I first used the select() function to remove any columns/variables that were redundant or contained only 1 distinct value. I then used the head() to show the first 10 rows our new dataset to confirm that the desired variables were removed. Next, I stored the value (number of a given livestock) in a new variable. I calculated summary statistics of Value, and included the 'na.rm = TRUE' parameter so NA values were ignored. Following this, I created a new variable (Area) using the group_by() function. Using the summarise function, I then computed the mean, median, standard deviation, and IQR for the number of livestock, grouped by country. I calculated the summary statistics of the the data grouped by type of animal (Item) and year using the same method.
```{r}
livestock_new <- livestock %>% select(-c('Domain', 'Domain.Code', 'Area.Code', 'Element', 'Element.Code', 'Item.Code', 'Year.Code', 'Unit', 'Flag'))
head(livestock_new)
Value <- livestock_new$Value
mean(Value, na.rm = TRUE)
median(Value, na.rm = TRUE)
min(Value, na.rm = TRUE)
max(Value, na.rm = TRUE)
sd(Value, na.rm = TRUE)
var(Value, na.rm = TRUE)
IQR(Value, na.rm = TRUE)
Area <- livestock_new %>% group_by(Area)
Area %>% summarise(Value_mean = mean(Value, na.rm = TRUE), Value_median = median(Value, na.rm = TRUE), Value_sd = sd(Value, na.rm = TRUE), Value_IQR = IQR(Value, na.rm = TRUE))
Item <- livestock_new %>% group_by(Item)
Item %>% summarise(Value_mean = mean(Value, na.rm = TRUE), Value_median = median(Value, na.rm = TRUE), Value_sd = sd(Value, na.rm = TRUE), Value_IQR = IQR(Value, na.rm = TRUE))
Year <- livestock_new %>% group_by(Year)
Year %>% summarise(Value_mean = mean(Value, na.rm = TRUE), Value_median = median(Value, na.rm = TRUE), Value_sd = sd(Value, na.rm = TRUE), Value_IQR = IQR(Value, na.rm = TRUE))
```
### Explain and Interpret
Be sure to explain why you choose a specific group.
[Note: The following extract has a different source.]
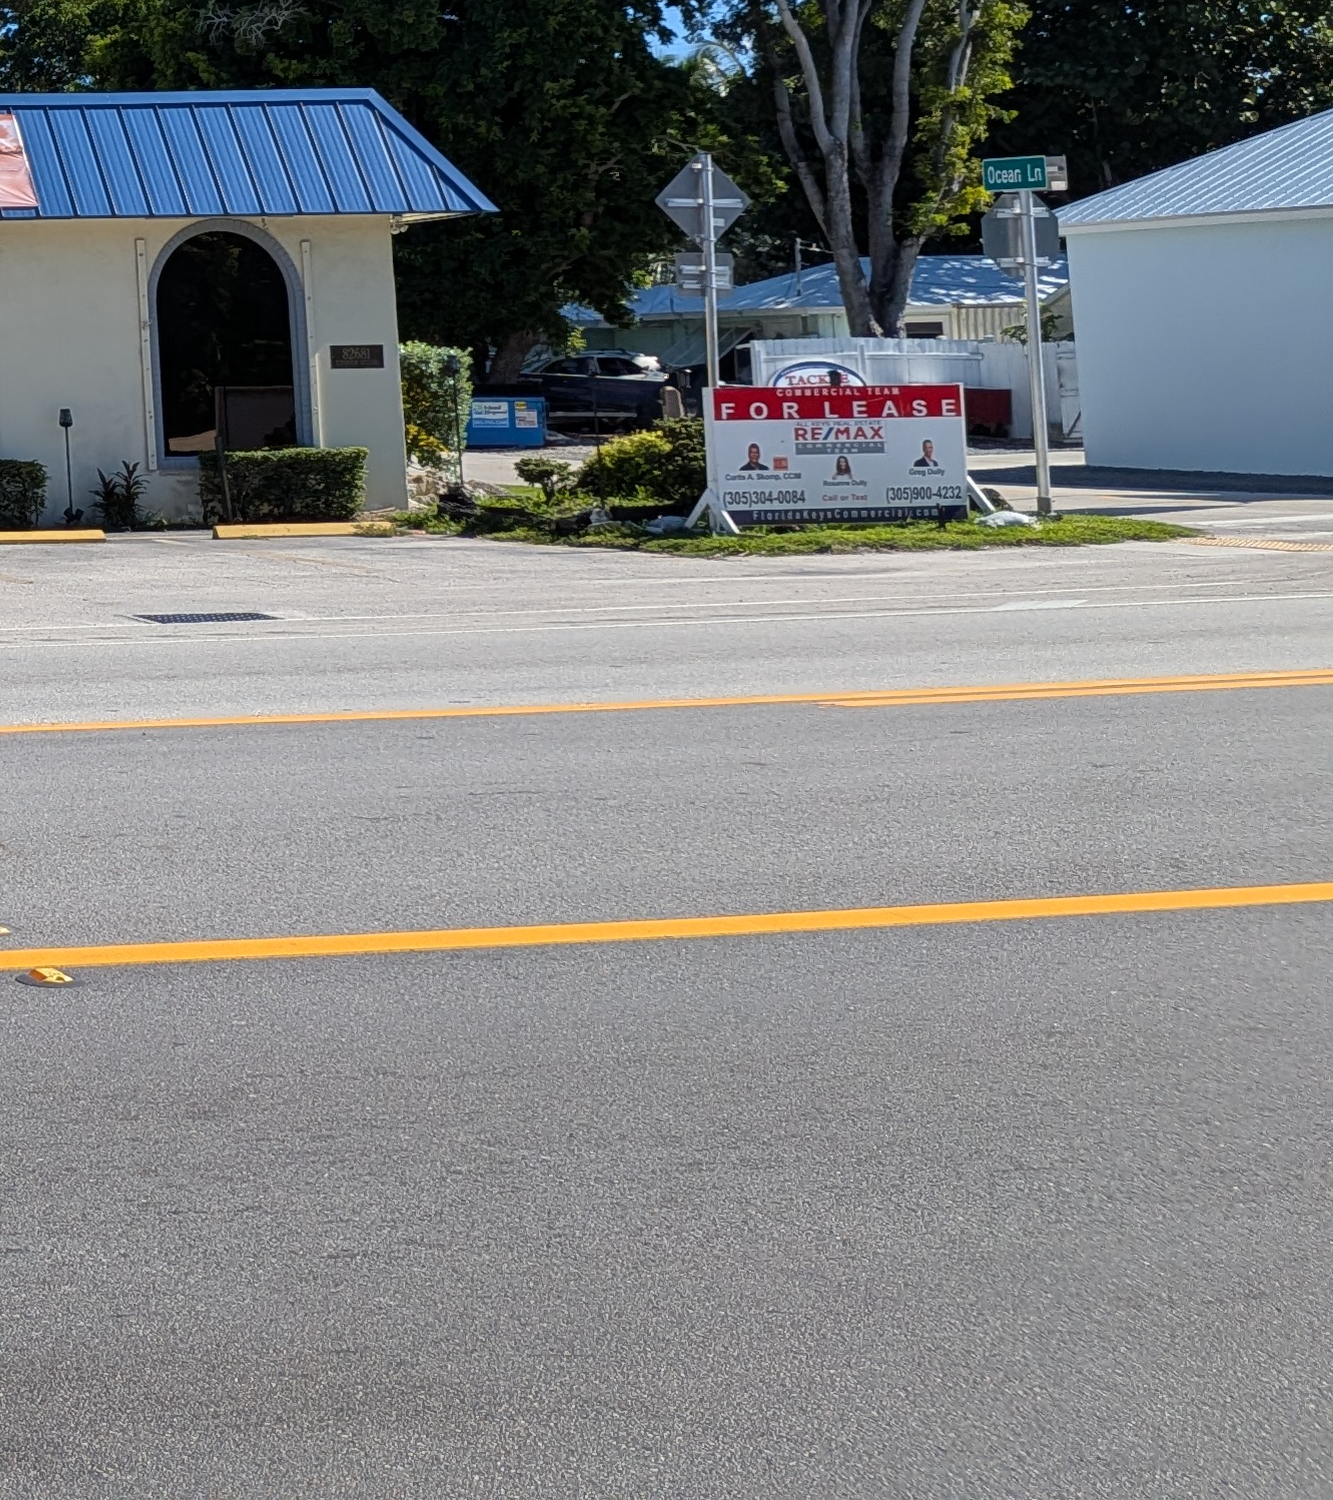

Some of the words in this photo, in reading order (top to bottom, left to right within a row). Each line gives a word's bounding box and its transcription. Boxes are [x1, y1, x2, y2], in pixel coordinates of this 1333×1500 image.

Comment on the interpretation of any interesting differences between groups that you uncover. This section can be integrated with the exploratory data analysis, just be sure it is included.
I chose to group the data by Area, Unit, and Year in order to see how the values differed across these observations. I noticed that the mean Values differed by country, year, and animal type. One interesting observation was that greatest average Value was the number of Cattle while the smallest average Value was mules. In addition, the total Value tended to increase every year.